November 8, 2010
Last month, Jon Stewart and Stephen Colbert announced the Restore Sanity rally in Washington, DC. According to CBS News, an estimated 215,000 people attended the rally organized by the Comedy Central talk show hosts. But between the time of the announcement and the day of the rally, DC-area Chris Lawson, founder of new media strategy company Big Mess Media partnered with Paul Murphy of 3ADVANCE and decided to quickly build out Restore-Sanity.com and an iPhone app called Stewart v Colbert: Vote Fear or Sanity. The app received hundreds of downloads per day and was characterized by Lawson as “…an homage to the viral power of entertainment and a clever way to reach out and expand audiences”. We were fascinated by this project, the team’s motivation and the learnings they gathered along the way. Big Mess Media founder Chris Lawson took some time out to chat with us about the project.
Tech Cocktail (TC): Chris – this was a fascinating project, but clearly a high-profile event and big undertaking. What made you take it on?
Chris Lawson (CL): Paul from 3ADVANCE.COM and I have been talking about the importance of timeliness in digital products for some time. He was already developing an application with similar features, and we saw a fit to adapt it to the Stewart/Colbert format – since we live in DC and love the comedians. Frankly, we were chatting over a beer and said “You know what would be cool?”. After we decided to launch the iPhone app, we started following the online groundswell about the rallies in an effort to get the word out about this fun (if not flippant) app. That’s when we saw a serious need for people to communicate about, and plan their own, ‘virtual’ or ‘satellite’ rallies. The site gave us a way to fill a need and reach the audience we were looking for. After both started taking off, Paul put the finishing touches on the second iPhone app – You’re Up! at the Rally. This app let people all around the world check-in with a real time photo of their involvement on rally day.
TC: How did it go? My understanding is that there were some big lessons learned. Can you share them with us?
CL: It went great. We had over 60 rallies listed on www.Restore-Sanity.com from all over the world.

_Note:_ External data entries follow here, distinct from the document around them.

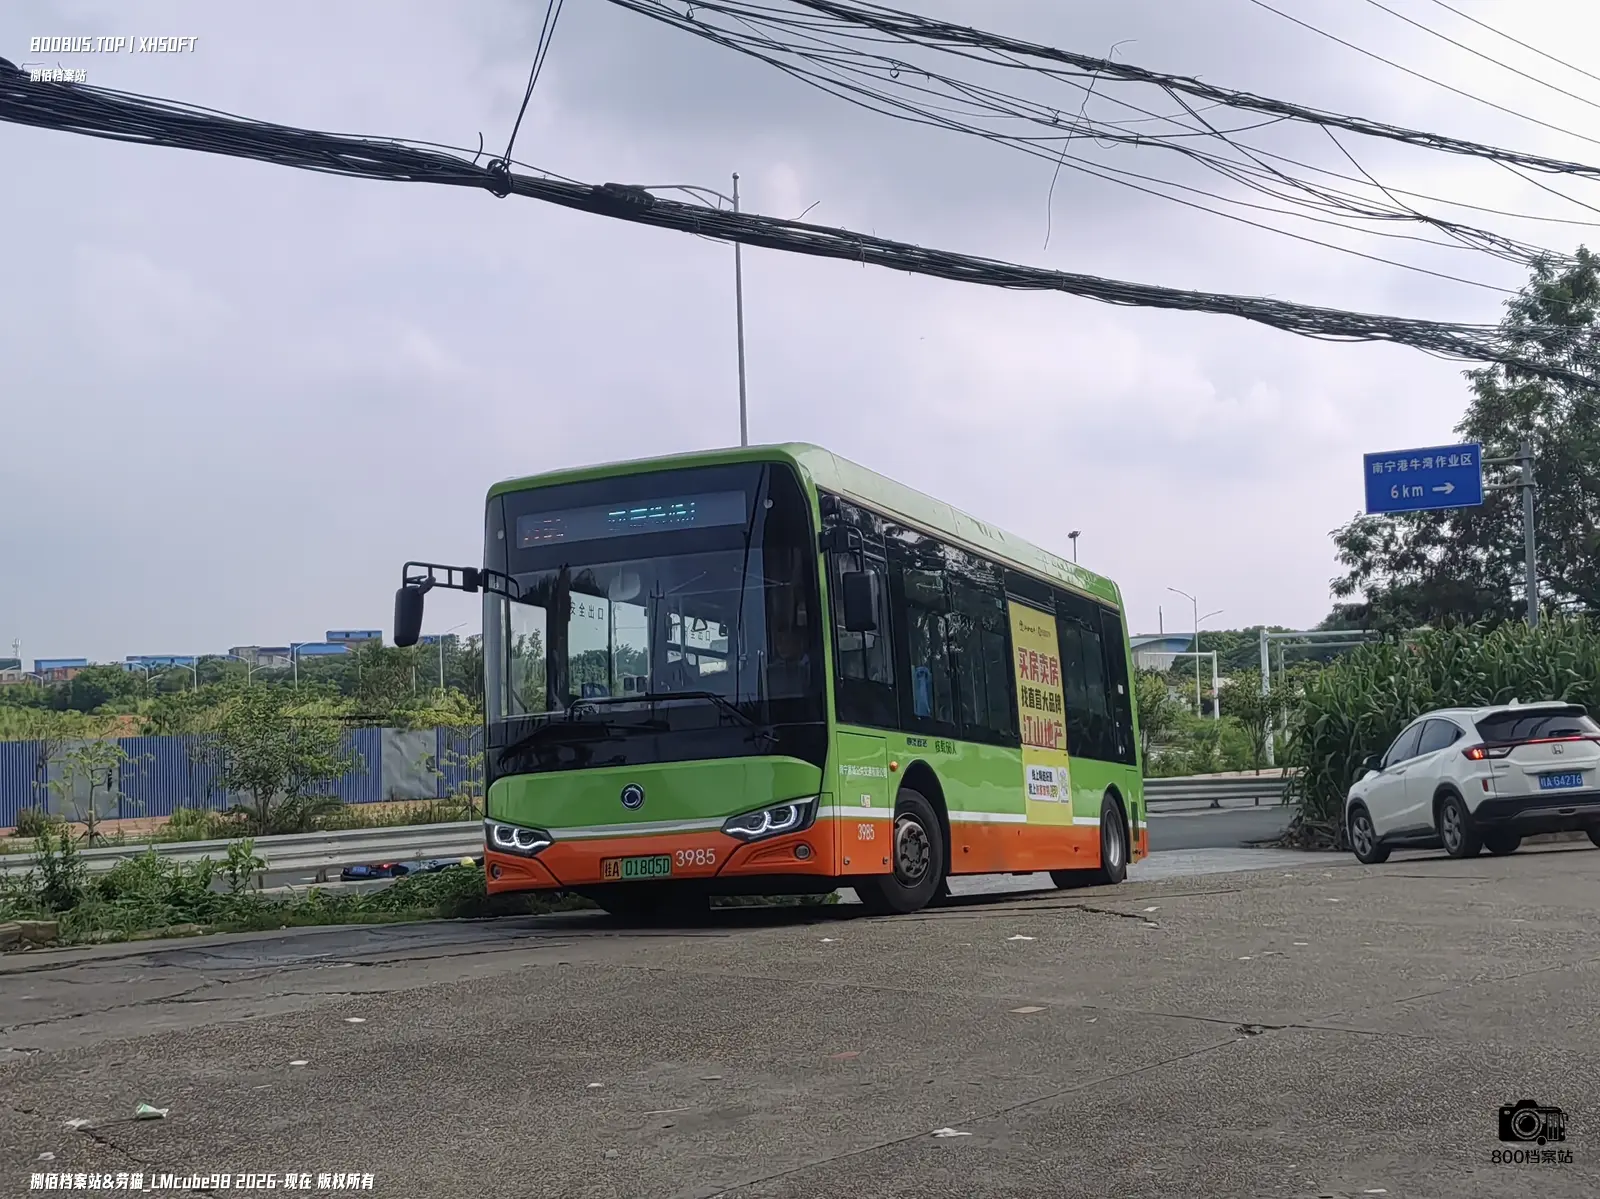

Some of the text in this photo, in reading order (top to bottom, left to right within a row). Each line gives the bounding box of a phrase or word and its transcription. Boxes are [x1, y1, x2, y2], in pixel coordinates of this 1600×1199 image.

[1372, 453, 1473, 474] 南宁港牛湾作业区
[1017, 646, 1060, 687] 买房卖房
[1021, 685, 1063, 715] 找直营大品牌
[1023, 714, 1064, 750] 江山地产
[857, 823, 876, 841] 3985
[675, 848, 716, 867] 3985

People are still using the site to post their thoughts. The apps have both been downloaded a ton, with 20,000 votes (BTW- Sanity won in a landslide over Fear), and hundreds of rally day pictures submitted. We did learn two important things:
- Apple is still the boss – so pushing apps up in a timely fashion can be difficult.
- Large events (like a rally) mean a lot of people with mobile phones. A lot of phones mean bogged cell service. The two apps performance suffered right along with the ability to send a text or make a call on rally day in DC. For big events, the sponsors will need to work with us to set up hotspots specific to photo uploading and voting.
TC: So you’ve done all this work now, but the event is over. Have you figured out a way to leverage what you’ve already built?
CL: We think the site will continue to be a community for like minded people to chat and connect for a while, but it will not last forever. The two apps have a long future. You’re Up! will be used at upcoming events, rallies, concerts, festivals, etc., by businesses looking to have their patrons photo-network (see Ben’s Chili Bowl), as well as by individuals looking to share their location specific photos (I’m at the mall!). The Stewart v Colbert/ Sanity v Fear app will continue to be fun, and will be adapted in the coming days to Stewart v Colbert: President 2014. We know neither will really run for president, but we think a lot of people would like to satirically vote for them instead of what the real world has to offer.
TC: Any other tips for people who are thinking about creating apps?
CL: Do it, or hire us to do it for you. Mobile apps are a big time player, and are not a fad. There are more and more useful apps everyday, and businesses can not afford to let someone else fill the void and take market share. Plus, planning them during happy hour is fun.